4ème trimestre encourageant pour l'emploi

4ème trimestre encourageant pour l’emploi

En France, les indicateurs préliminaires du PMI pour janvier montrent une stabilisation du climat dans l’industrie manufacturière, ce qui confirme les données de l’Insee publiées cette semaine. Au contraire, l’activité dans les services s’est à nouveau légèrement contractée en janvier, avec des effets déjà visibles sur l’emploi. 2018 se clôture néanmoins sur une baisse de 1,3% de la population au chômage et, pour la première fois depuis la crise de 2008, d’une baisse (de 0,9%) du chômage total (toutes catégories confondues). Nous pensons que cette baisse se poursuivra en 2019.

Un 4ème trimestre positif sur le front de l’emploi malgré le mois de décembre

La population au chômage était de 3,4 millions de personnes en France Métropolitaine au 4ème trimestre selon les derniers chiffres publiés aujourd’hui par la Dares. Ils impliquent une nouvelle baisse du nombre de chômeurs, de 16 500 au 4ème trimestre. Au total, l’année 2018 aura vu une baisse de 44 300 pour les chômeurs de catégorie A, soit 1,3% sur un an. Dans l’ensemble, malgré la légère hausse du nombre de chômeurs occasionnels (Graphique 1), l’ensemble de la population autour du chômage (catégories Dares A à E) aura baissé de 54 800 en 2018 pour la première fois depuis plus de 10 ans. En effet, depuis le début de la crise cette population aura augmenté chaque année. On peut y voir un effet de l’accélération de croissance de 2017 qui aura fini par se marquer par une croissance plus forte de l’emploi privé en 2018. A l’heure où la croissance semble être rapidement revenue à son niveau tendanciel, nous nous attendons à une nouvelle baisse, légère, en 2019 qui devrait permettre au taux de chômage de baisser.

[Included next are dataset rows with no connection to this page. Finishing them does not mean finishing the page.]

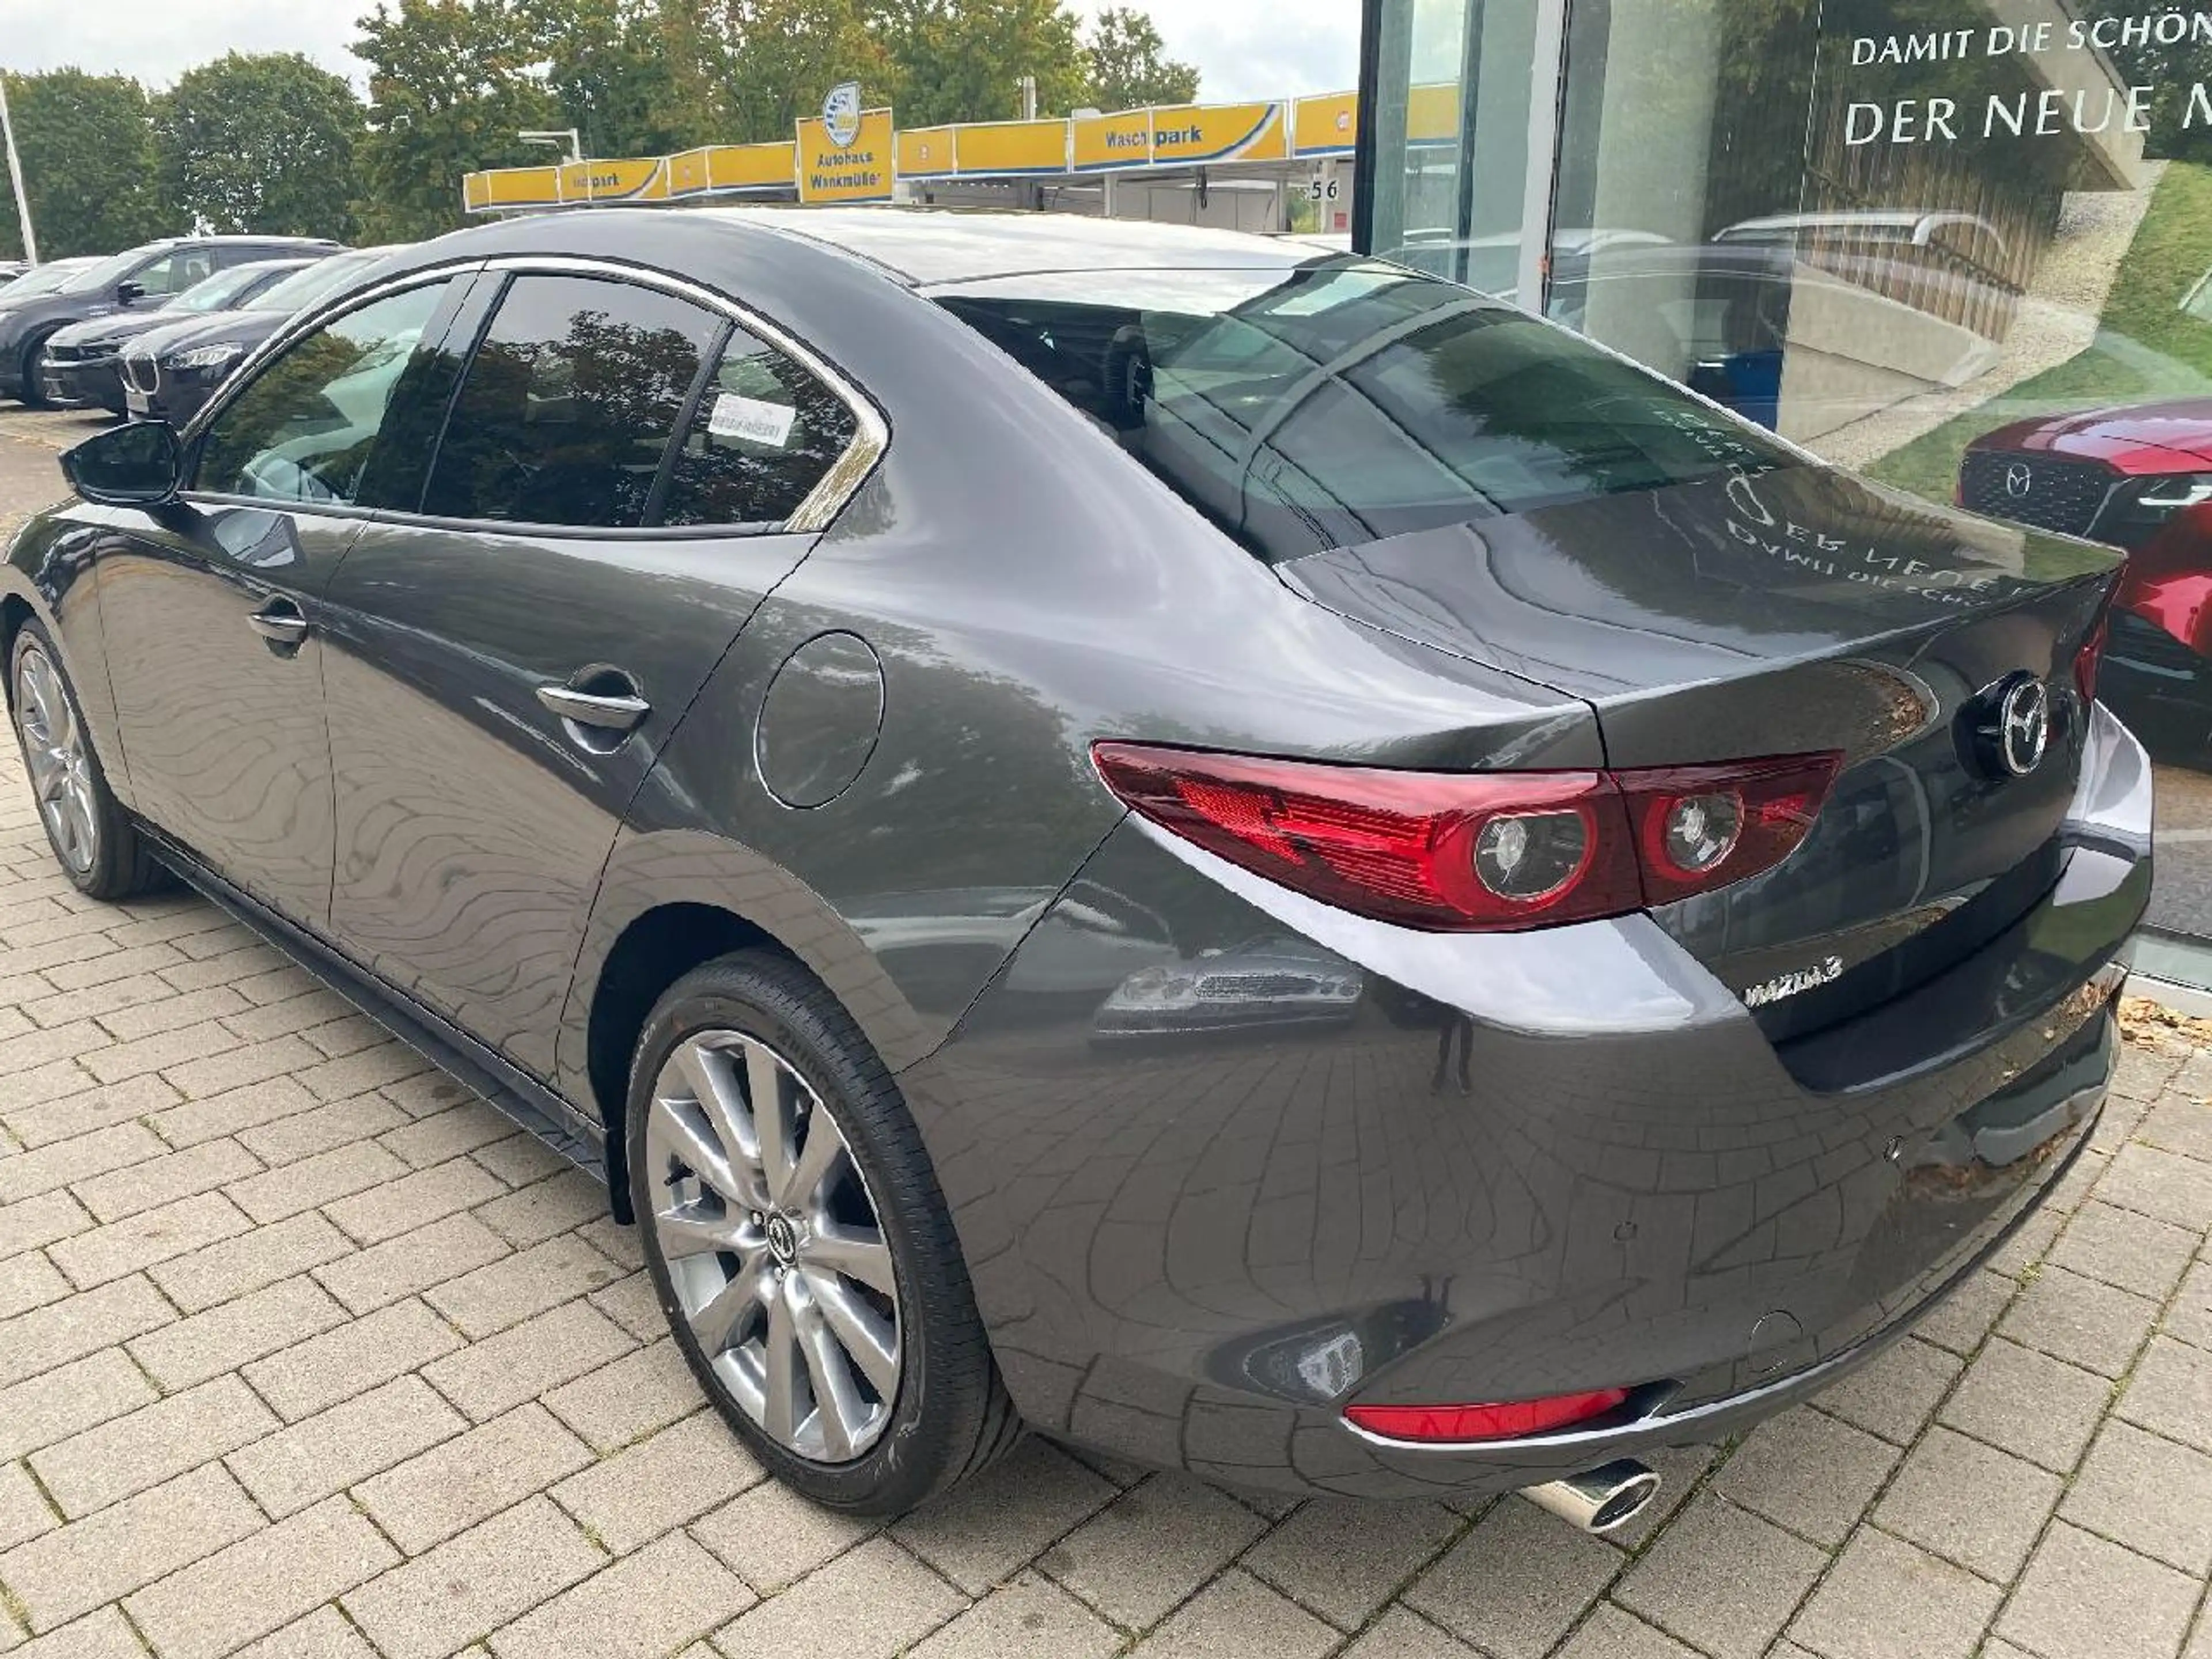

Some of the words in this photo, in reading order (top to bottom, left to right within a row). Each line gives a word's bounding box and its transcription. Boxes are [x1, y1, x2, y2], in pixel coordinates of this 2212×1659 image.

[1852, 29, 1974, 65] DAMIT
[1987, 22, 2052, 56] DIE
[1845, 97, 1957, 145] DER
[1983, 86, 2153, 137] NEUE
[1327, 180, 1337, 198] 6

Les données du quatrième trimestre ne doivent cependant pas masquer un mois de décembre morose au niveau de l’emploi. La baisse d’activité et de confiance soudainement provoquée par le mouvement des « gilets jaunes » a en effet laisser des traces puisqu’on a enregistré une hausse significative du nombre de chômeurs en catgories A à C : 20 000 en un mois, ce qui a sans conteste diminué le bon résultat de 2018. Si le taux de chômage devrait baisser au dernier trimestre 2018 à 8,7% en métropole, il n’est pas exclu qu’il rebondisse légèrement au premier trimestre.

Des indices PMI de mauvais augure pour l’emploi en janvier

En effet, les premiers signes d’activité venant du secteur des services n’étaient pas bien orientés cette semaine. À 47,5, l’indice PMI du secteur était à son niveau le plus bas depuis 2014. L’indicateur était toujours supérieur à 55,0 en novembre. On peut voir dans cette correction l’impact du niveau d’anxiété actuel élevé manifesté par les consommateurs lors de sondages récents et lié à la crise des «gilets jaunes». Nous pensons que les détails de l’enquête PMI, qui sera publiée début février, montreront un impact sur les intentions d’investissement dans le secteur. Cela pourrait en outre continuer d’avoir une incidence sur la croissance de l’emploi au cours des prochains mois après la hausse observées parmi certaines catégories de chômeurs en décembre (Graphique 2). Si l’effet sera temporaire, il devrait retarder de plusieurs mois la diminution du taux de chômage qui pourrait de ce fait être encore supérieur à 8,5% à la fin de cette année.

La confiance semble en meilleur état dans l’industrie

Dans l’industrie manufacturière, la confiance a très légèrement rebondi en janvier, comme l’ont confirmé les PMI publiés cette semaine, passant de 49,7 à 51,2. Seul le mois de décembre aura été inférieur au seuil de 50,0 sous lequel l’activité industrielle est supposée en contraction. Au vu des détails de l’enquête publiée cette semaine par l’INSEE, qui montrait aussi que la confiance dans l’industrie se stabilise en janvier, il semble que les carnets de commandes ne se détériorent plus et que la production récente ait été plus importante que prévu. Les stocks ont même diminué en janvier. Cependant, la confiance dans les perspectives économiques reste à son plus bas niveau en quatre ans, ce qui montre que la crise des “gilets jaunes” continue de peser sur la confiance. On remarque cependat (Graphique 3), que la baisse d’activité n’est pas aussi franche que celle du moral.

À ce stade, nous pensons toujours que l’économie française sera au point mort fin 2018. Compte tenu du ralentissement de la croissance de la zone euro, nous pensons également que le rebond sera limité, ce qui limite les perspectives de croissance pour 2019 à 1,3%. Dans ce contexte, le cycle de consultations nationales en cours semblent être la dernière possibilité de réanimer un soutien aux réformes: la croissance économique, elle, n’est plus du côté de M. Macron.